* What is being asked
Transcribe all of the entries below exactly. Leave out the pictures.

* Record excerpts
##############################
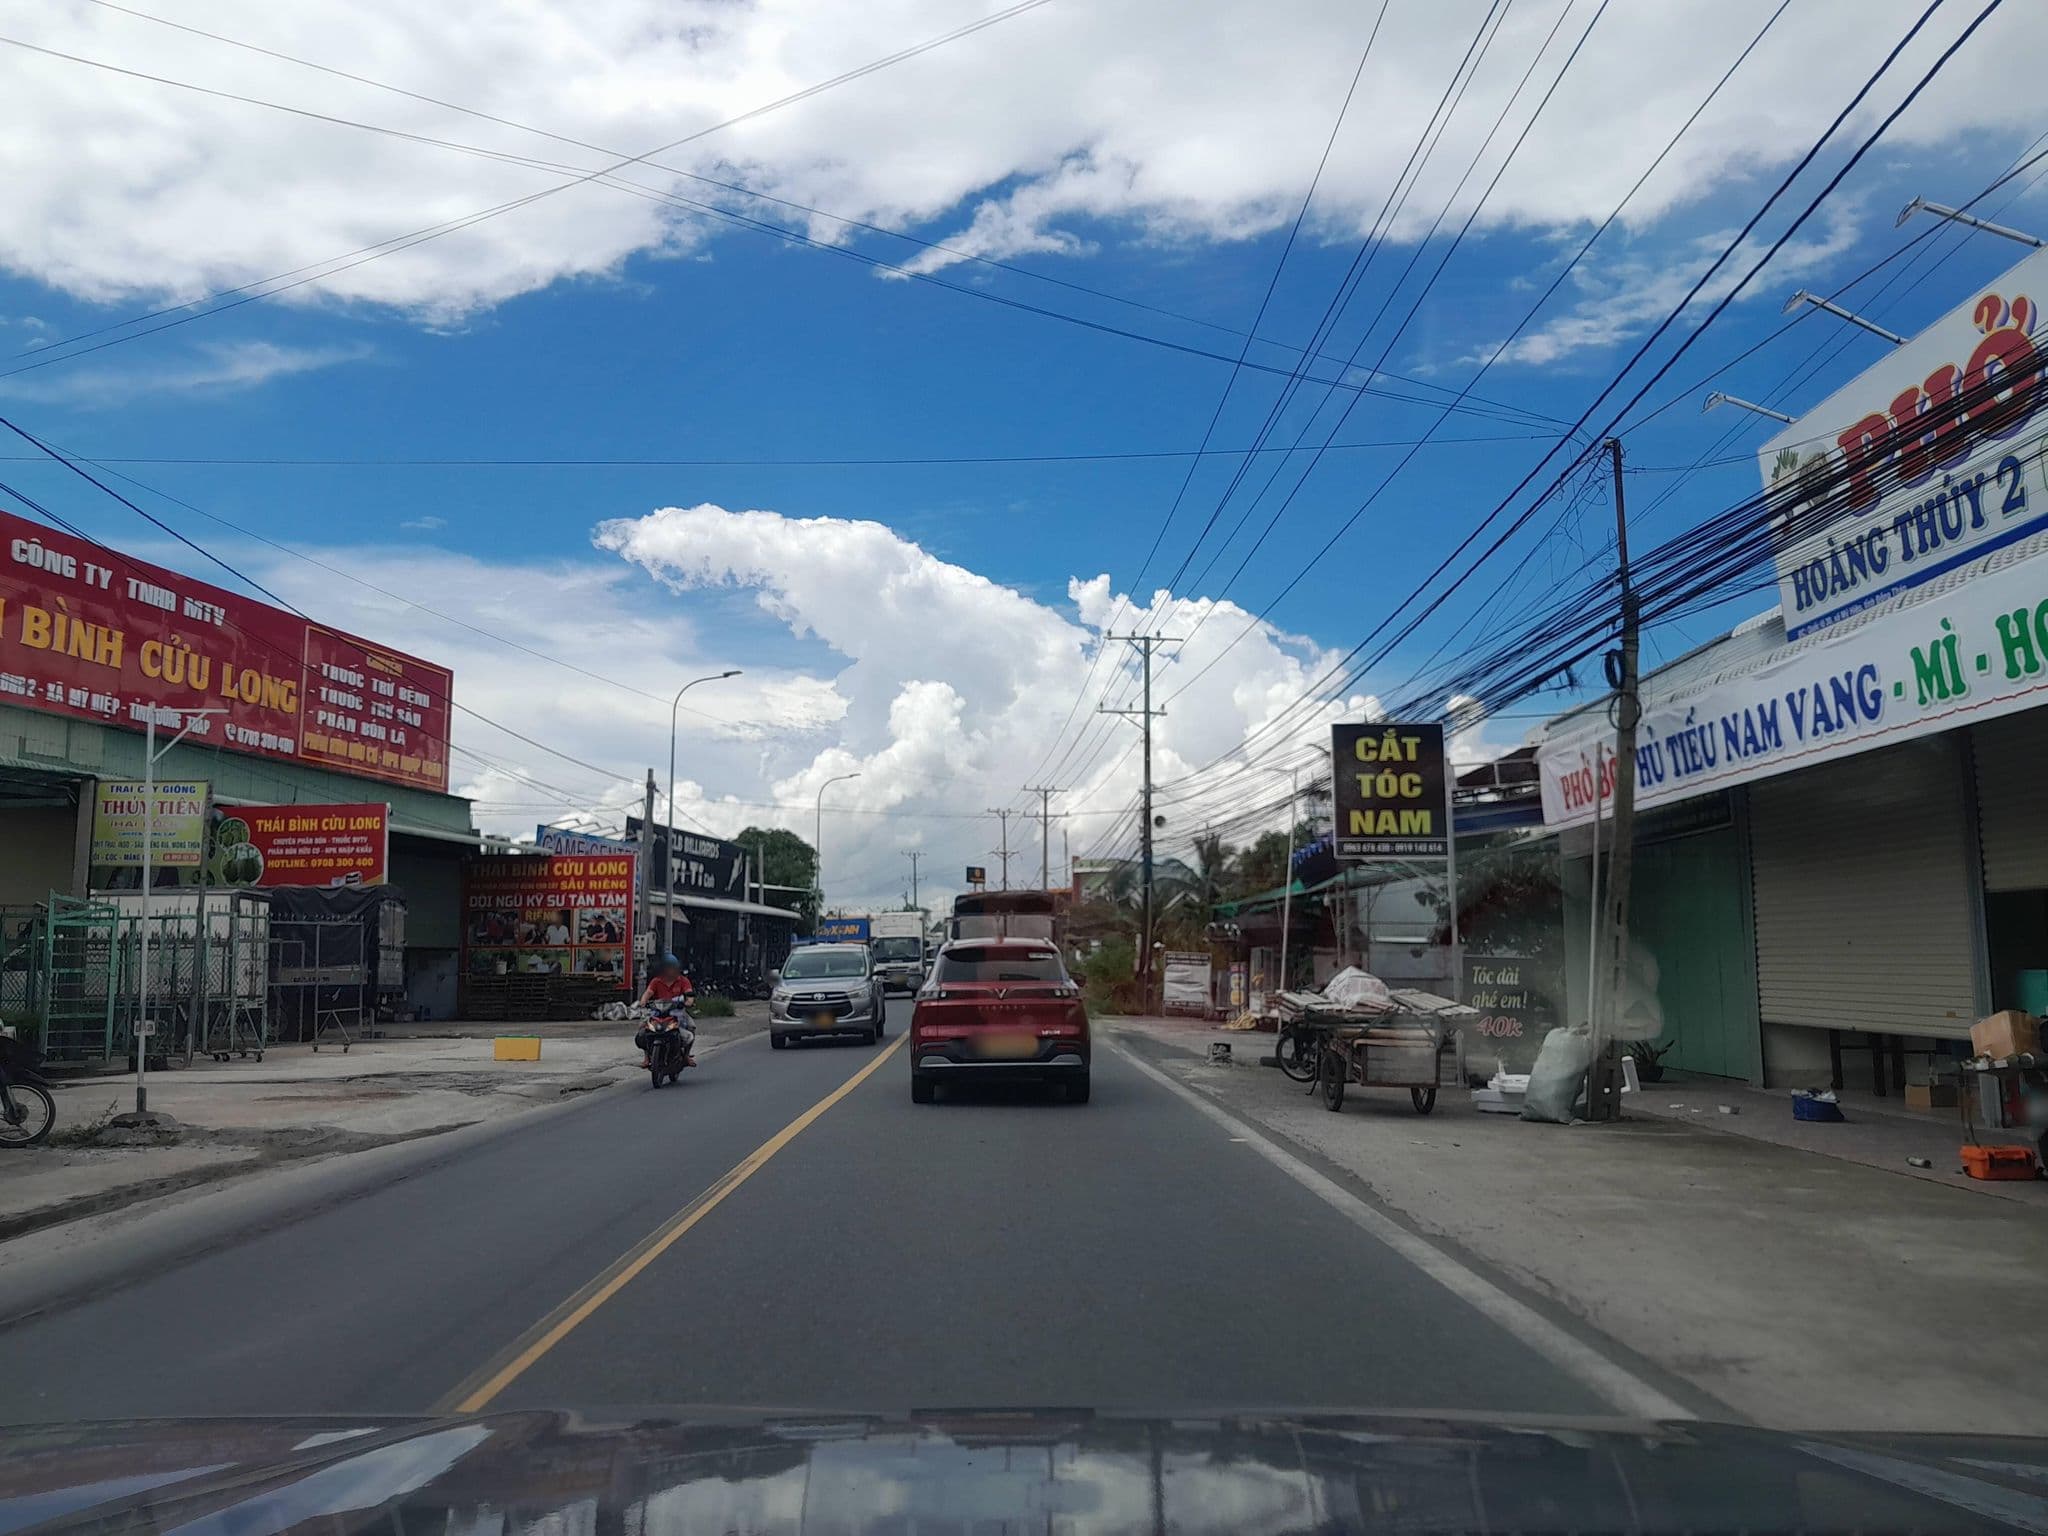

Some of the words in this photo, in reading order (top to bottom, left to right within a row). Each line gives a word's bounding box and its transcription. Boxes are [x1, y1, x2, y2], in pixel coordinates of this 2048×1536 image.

[1791, 527, 1891, 611] HOÀNG
[1997, 455, 2027, 517] 2
[11, 537, 77, 579] CÔNG
[83, 562, 112, 590] TY
[126, 577, 177, 612] TNHH
[183, 596, 226, 626] MTV
[20, 596, 124, 669] BÌNH
[141, 634, 211, 691] CỬU
[221, 662, 297, 714] LONG
[1666, 706, 1717, 778] TIẾU
[1721, 698, 1783, 763] NAM
[1786, 664, 1883, 741] VANG
[1910, 617, 1967, 705] MÌ
[317, 710, 356, 733] PHÂN
[361, 718, 386, 740] BÓN
[1355, 728, 1421, 762] CẮT
[138, 785, 158, 794] CY
[1356, 768, 1422, 798] TÓC
[159, 797, 200, 815] TIÊN
[256, 816, 284, 832] THÁI
[289, 815, 318, 831] BÌNH
[322, 814, 346, 831] CỬU
[350, 817, 380, 830] LONG
[1349, 809, 1431, 835] NAM
[542, 834, 585, 855] GAME
[684, 835, 720, 859] BILLIARDS
[268, 859, 308, 869] HOTLINE:
[356, 857, 374, 866] 400
[553, 858, 583, 876] CỬU
[589, 862, 628, 876] LONG
[590, 879, 627, 890] RIÊNG
[527, 891, 542, 906] KỸ
[547, 894, 566, 907] SƯ
[598, 892, 627, 907] TÂM
[1473, 966, 1494, 985] Tóc
[1496, 966, 1520, 985] dài
[1472, 990, 1498, 1010] ghé
[1477, 1016, 1523, 1038] 40k
##############################
* Answer space
Some of the words in this photo, in reading order (top to bottom, left to right within a row). Each line gives a word's bounding box and its transcription. Boxes are [x1, y1, x2, y2], in pixel coordinates of this 2048×1536 image.

[1791, 527, 1891, 611] HOÀNG
[1997, 455, 2027, 517] 2
[11, 537, 77, 579] CÔNG
[83, 562, 112, 590] TY
[126, 577, 177, 612] TNHH
[183, 596, 226, 626] MTV
[20, 596, 124, 669] BÌNH
[141, 634, 211, 691] CỬU
[221, 662, 297, 714] LONG
[1666, 706, 1717, 778] TIẾU
[1721, 698, 1783, 763] NAM
[1786, 664, 1883, 741] VANG
[1910, 617, 1967, 705] MÌ
[317, 710, 356, 733] PHÂN
[361, 718, 386, 740] BÓN
[1355, 728, 1421, 762] CẮT
[138, 785, 158, 794] CY
[1356, 768, 1422, 798] TÓC
[159, 797, 200, 815] TIÊN
[256, 816, 284, 832] THÁI
[289, 815, 318, 831] BÌNH
[322, 814, 346, 831] CỬU
[350, 817, 380, 830] LONG
[1349, 809, 1431, 835] NAM
[542, 834, 585, 855] GAME
[684, 835, 720, 859] BILLIARDS
[268, 859, 308, 869] HOTLINE:
[356, 857, 374, 866] 400
[553, 858, 583, 876] CỬU
[589, 862, 628, 876] LONG
[590, 879, 627, 890] RIÊNG
[527, 891, 542, 906] KỸ
[547, 894, 566, 907] SƯ
[598, 892, 627, 907] TÂM
[1473, 966, 1494, 985] Tóc
[1496, 966, 1520, 985] dài
[1472, 990, 1498, 1010] ghé
[1477, 1016, 1523, 1038] 40k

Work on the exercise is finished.